やっと現れた楠氏ですが、きっとまた当分の間、来ないでしょうから、またしばらく高山正樹が。あいも変わらず“セロ弾きのゴーシュ”、その謎について。

「ホーシュ君か」

ホーシュ君って誰だ?
呆けたゴーシュ。自虐的にゴーシュが叫んだ言葉、なんて穿った読み方をしてみたりしたが、ドストエフスキーじゃあるまいし、賢治にはやっぱり似合わない。
いろんな人が「ホーシュ」の謎を解明しようとしたが、結論からいうと、さっぱりわからなかったということ。それでかまわないってんだから、神様になってしまえばなんでもありってことらしい。

ところが、すうと扉を押してはいって来たのは、いままで五、六ぺんみたことのある大きな三毛猫でした。

なんで「五、六ぺん」なんだろう。だが、一度「五、六ぺん」だと思ってしまうと、「五、六ぺん」以外にはありえないと思えてくるから不思議である。
(押して入る扉ってどんなのだろう。内開きのドアなんてめったにないが。)

ゴーシュの畑からとった半分熟したトマトをさも重そうに持っています。

三毛猫のこれ見よがしの感じを、「さも」というたった二文字の副詞で片付けてしまうあたり、なかなかのお手並み、賢治の文章は、そういう表現に満ち満ちている。

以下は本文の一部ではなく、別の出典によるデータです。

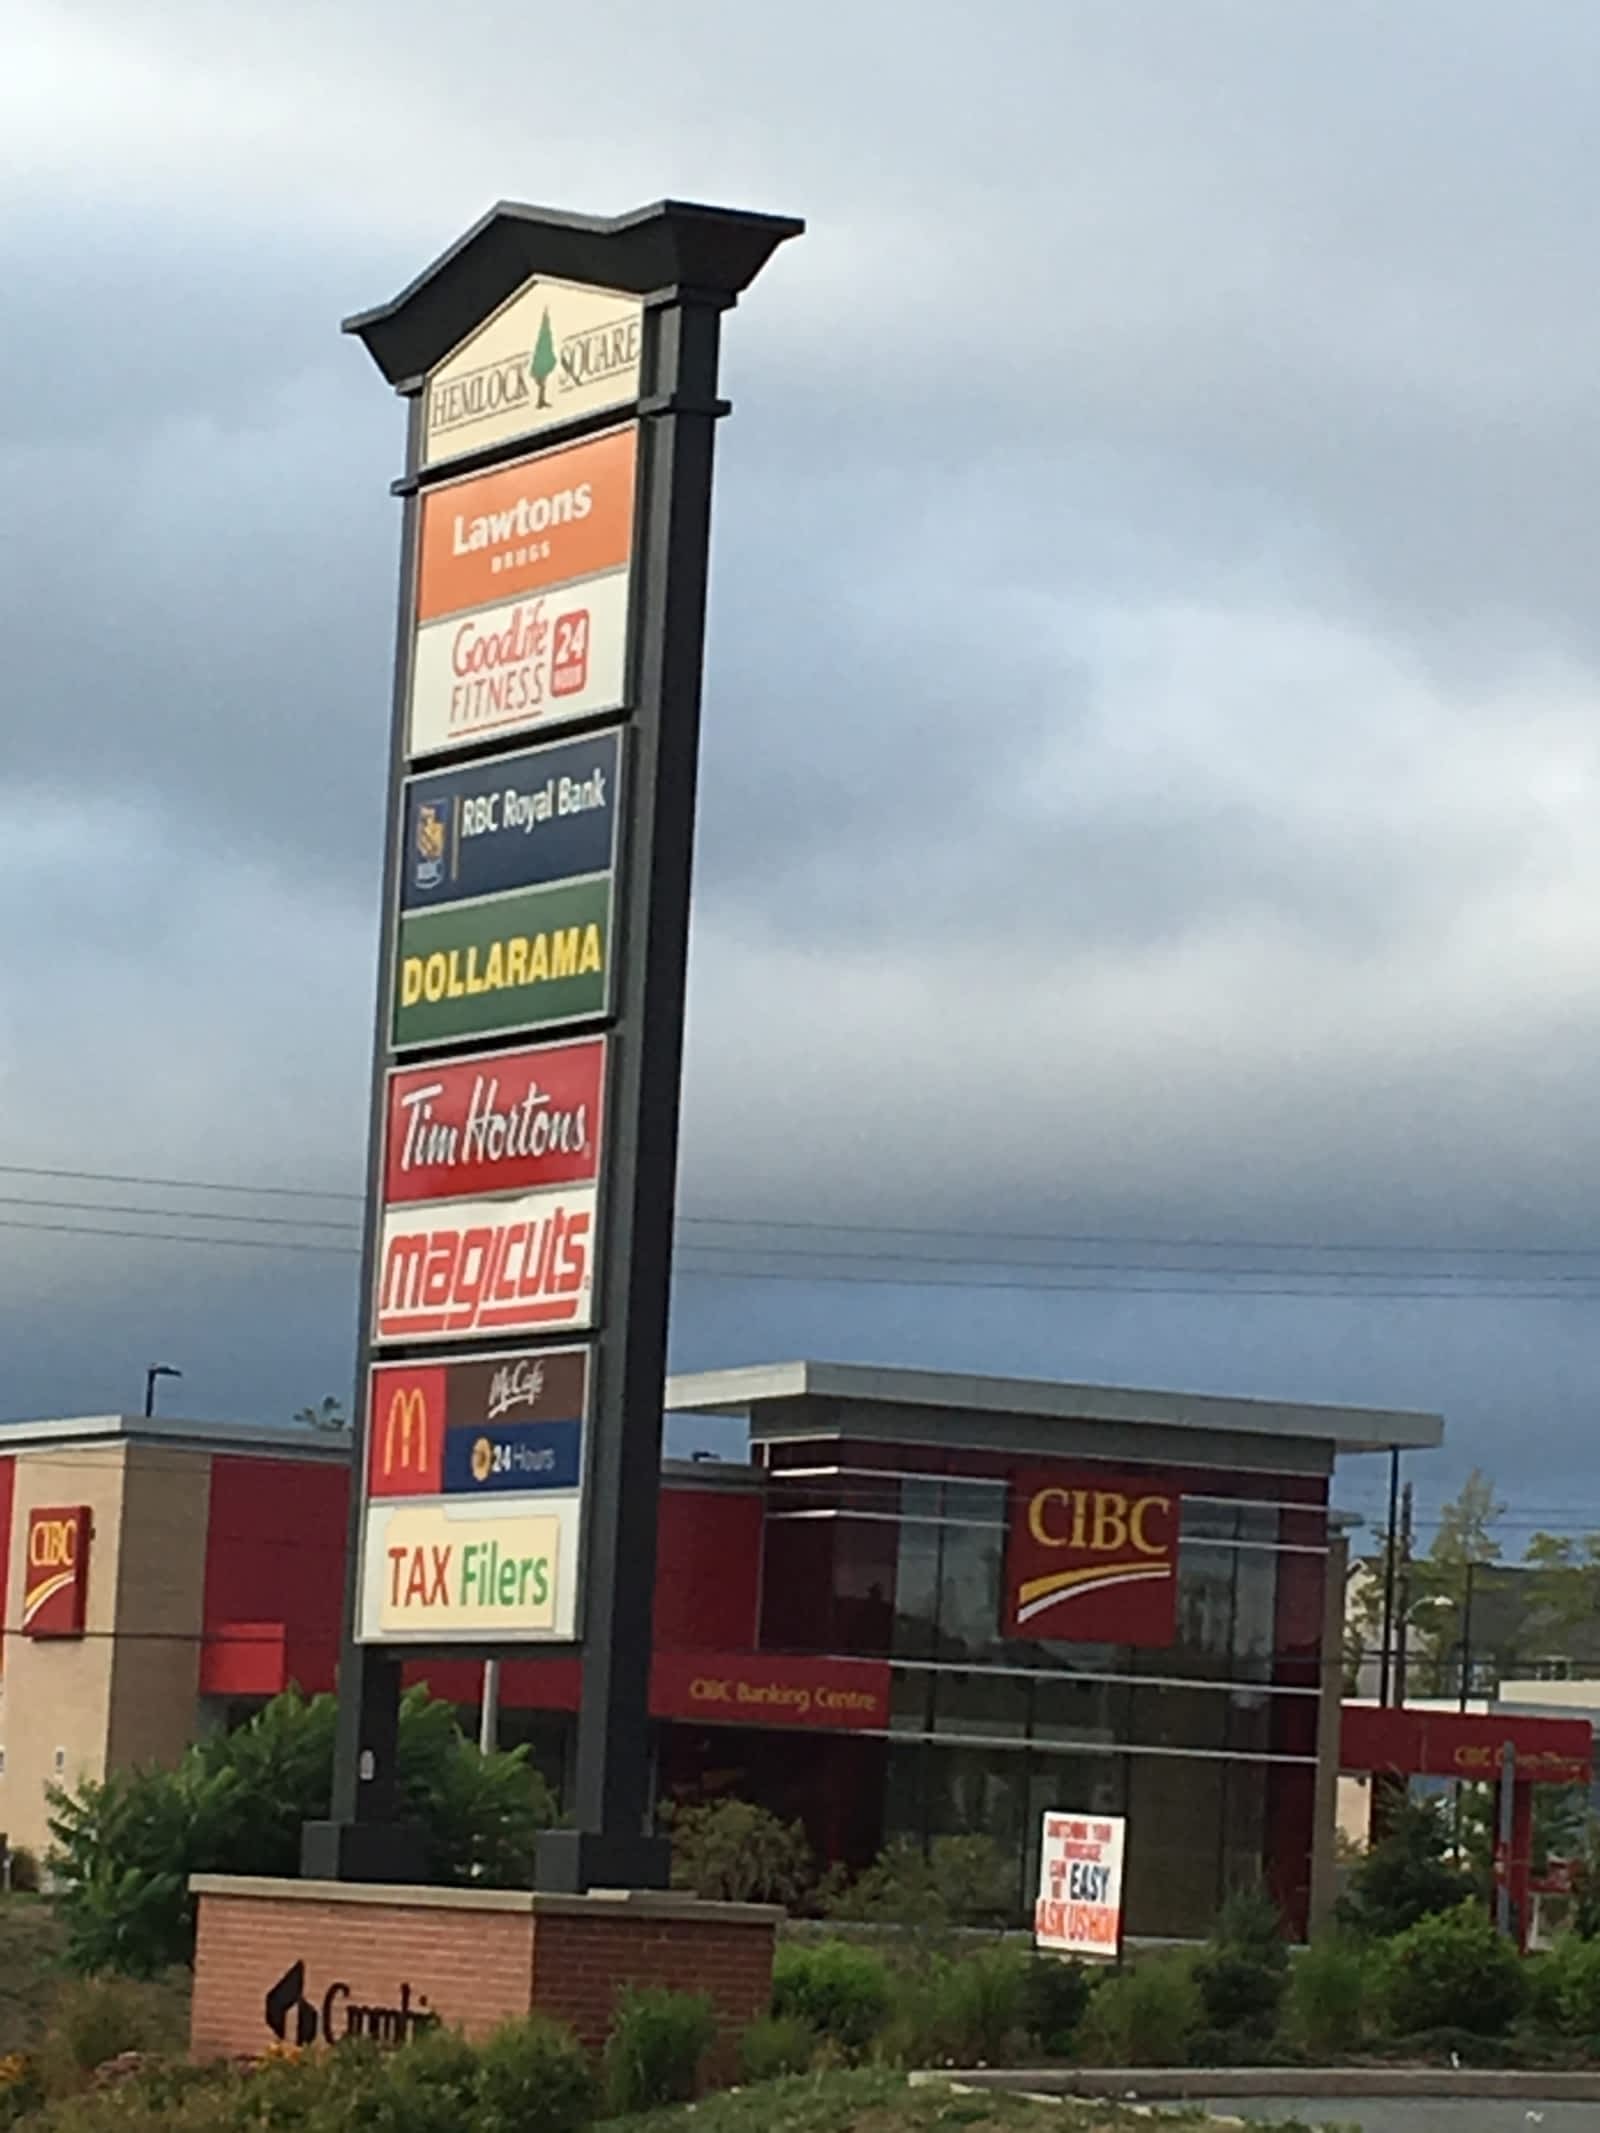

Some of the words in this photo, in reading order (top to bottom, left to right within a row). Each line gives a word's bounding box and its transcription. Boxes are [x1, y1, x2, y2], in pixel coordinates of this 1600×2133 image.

そう思ってしまうと、全ての言葉に重層的な意味を託しているのではないかと、もう罠だらけなのだ。

「半分熟したトマト」
実にそうなのだろう。でも、まだ熟していないトマトを取ってしまったというネガティブなことを問題にするとき、「半分熟した」という形容はどうなんだろう。「まだ半分しか熟していない」なら分かるのだが。はたして、実際の局面で、こんな言い方をするだろうか。

途端に僕は、僕の常識の通用しない異界へと誘い込まれてしまうのである。